Prevalence of variation within defined optimal epitopes in HLA-matched and HLA-unmatched patients. For the epitopes shown, the percentage of those with wild-type sequences is shown for each time point. Each epitope is analyzed according to whether patients carried the restricting HLA class I allele (blue for HLA-unmatched and red for HLA-matched epitopes). Best-fit lines are drawn through the points using linear regression. Error bars show the 95% confidence intervals for each time point.

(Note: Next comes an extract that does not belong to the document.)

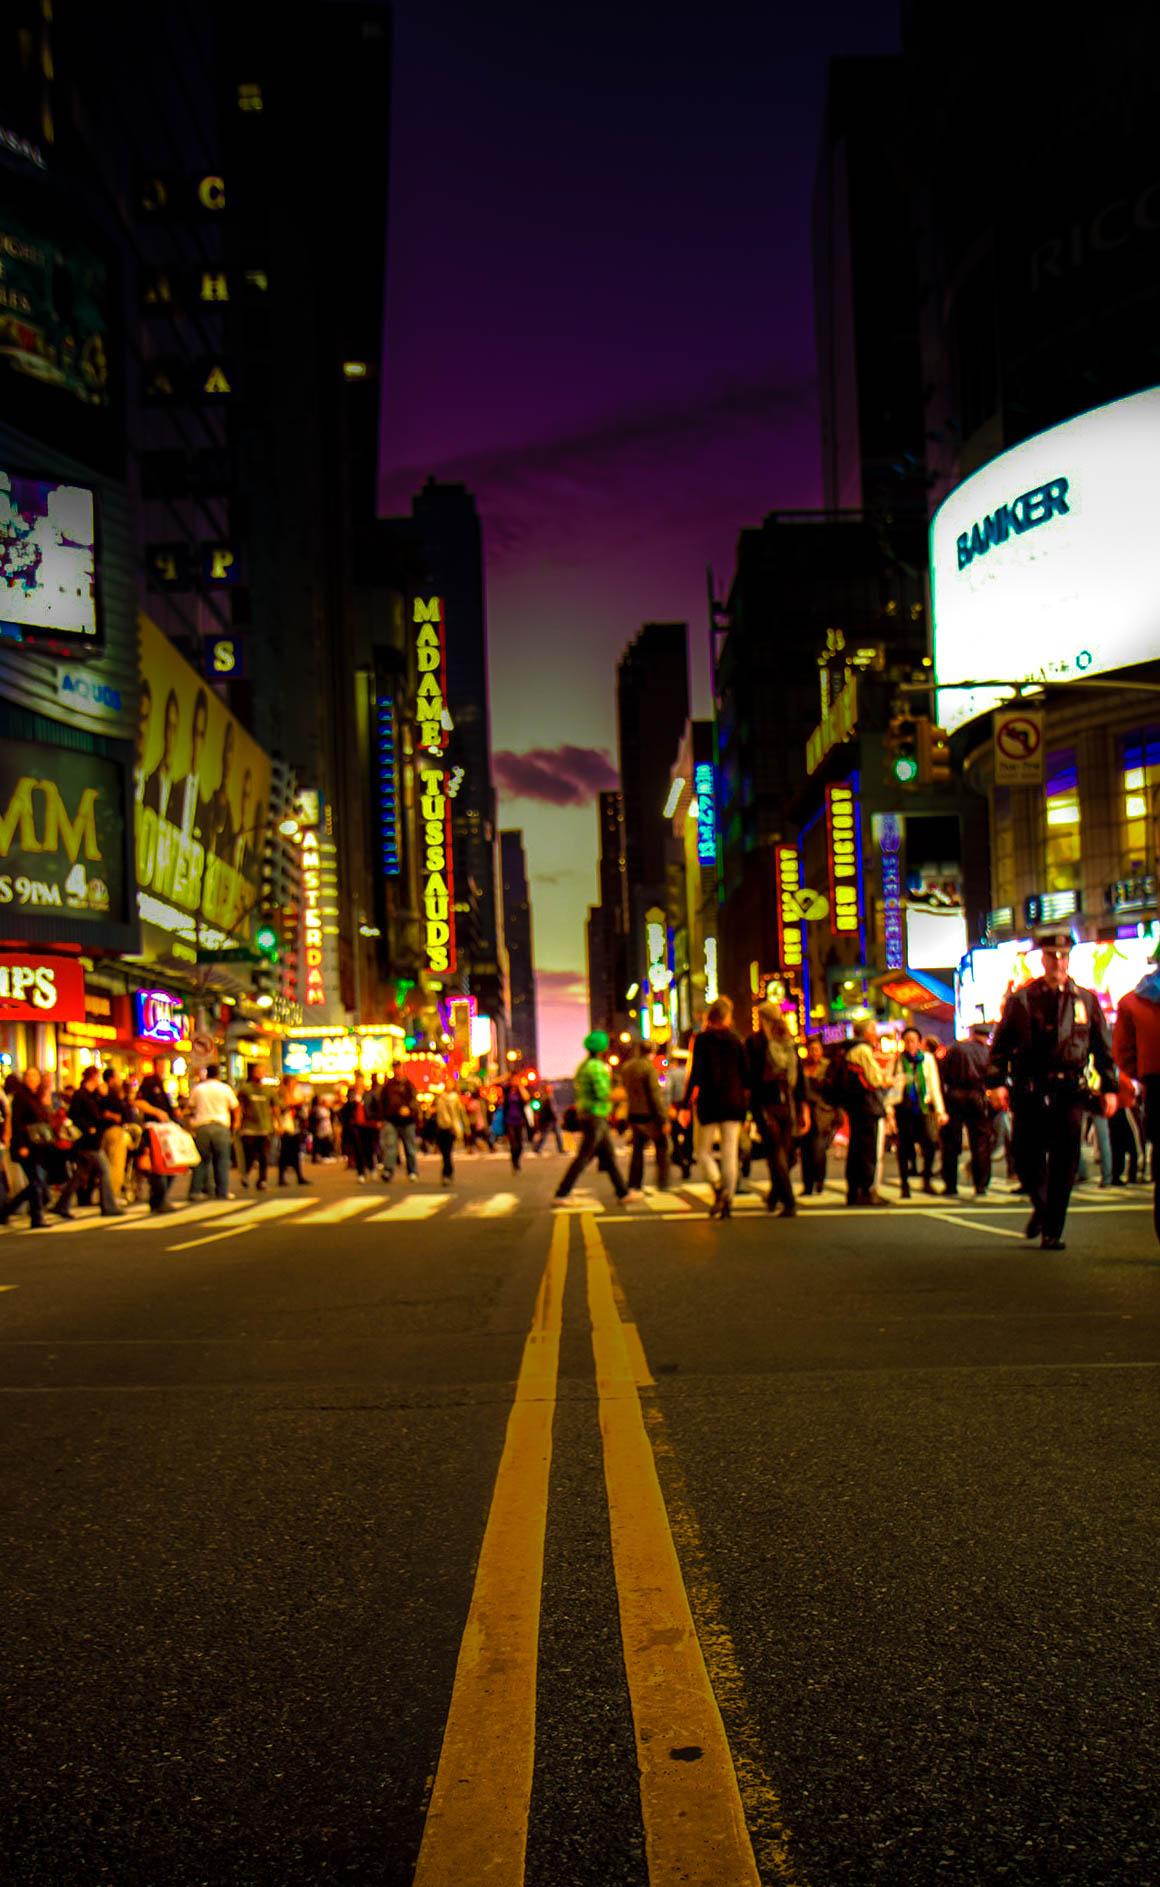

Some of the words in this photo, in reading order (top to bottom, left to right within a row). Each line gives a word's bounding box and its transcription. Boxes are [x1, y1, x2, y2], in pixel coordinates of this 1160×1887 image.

[957, 477, 1069, 571] BANKER
[414, 596, 442, 746] MADAME
[301, 830, 326, 1005] AMSTERDAM
[422, 769, 452, 972] TUSSAUDS

Epitopes are divided into three groups and shown with an illustrative model: those that are conserved at baseline and over time regardless of HLA matching (a), those that are variant at baseline and over time (b), and those that are conserved at baseline but become more variable over time in the HLA-matched patients only (c). P values represent whether there is a statistically significant difference in the slopes of the two datasets.

FIG. 3.

Rates of mutation in the first 3 years of infection in HLA-matched and HLA-unmatched epitopes. Each epitope is plotted according to its rate of change (percent change in wild type/year) in HLA-matched and -unmatched patients. The insert shows the implications of a data point lying in each of the four quadrants. Each epitope can be identified using the key. HLA-ve, HLA negative; HLA+ve, HLA positive; WT, wild type; MT, mutation/mutant.

FIG. 4.

The evolution of epitopes over time. The figure shows the transit of neutral (a) and dynamic (b) epitopes across the plot over time. Each epitope is plotted at each time point according to the relative prevalence of wild-type (WT) sequences in HLA-matched (y axis) and unmatched (x axis) patients. The epitopes shown in panel a are KYKLKHIVW, restricted by A*2402 (A24); SLYNTVATL, A*0201 (A2); ALVEICTEMEK A*0301 (A3); and GPKVKQWPL, B*0801 (B8). The epitopes shown in panel b are TAFTIPSI, restricted by B*5101 (B51); ISPRTLNAW, B*5701 (B57); KRWIILGLNK, B*2705 (B27); QASKEVKNW, B*5701 (B57); and TSTLQEQIGW, B*5701 (B57).

FIG. 5.

Linear regression analysis of relative hazard of disease progression against rates of mutation within epitopes in HLA-unmatched subjects. Linear regression analysis of the rate of change of individual epitopes in HLA-unmatched patients (percent wild type/year) against the relative hazard of disease progression for the restricting HLA class I allele for time to a CD4 cell count of <200 cells/μl (a), time to AIDS 1987 (b), time to AIDS 1993 (c), and time to death (d). A negative mutation rate indicates mutation away from wild type and a positive mutation rate indicates change toward wild type (reversion).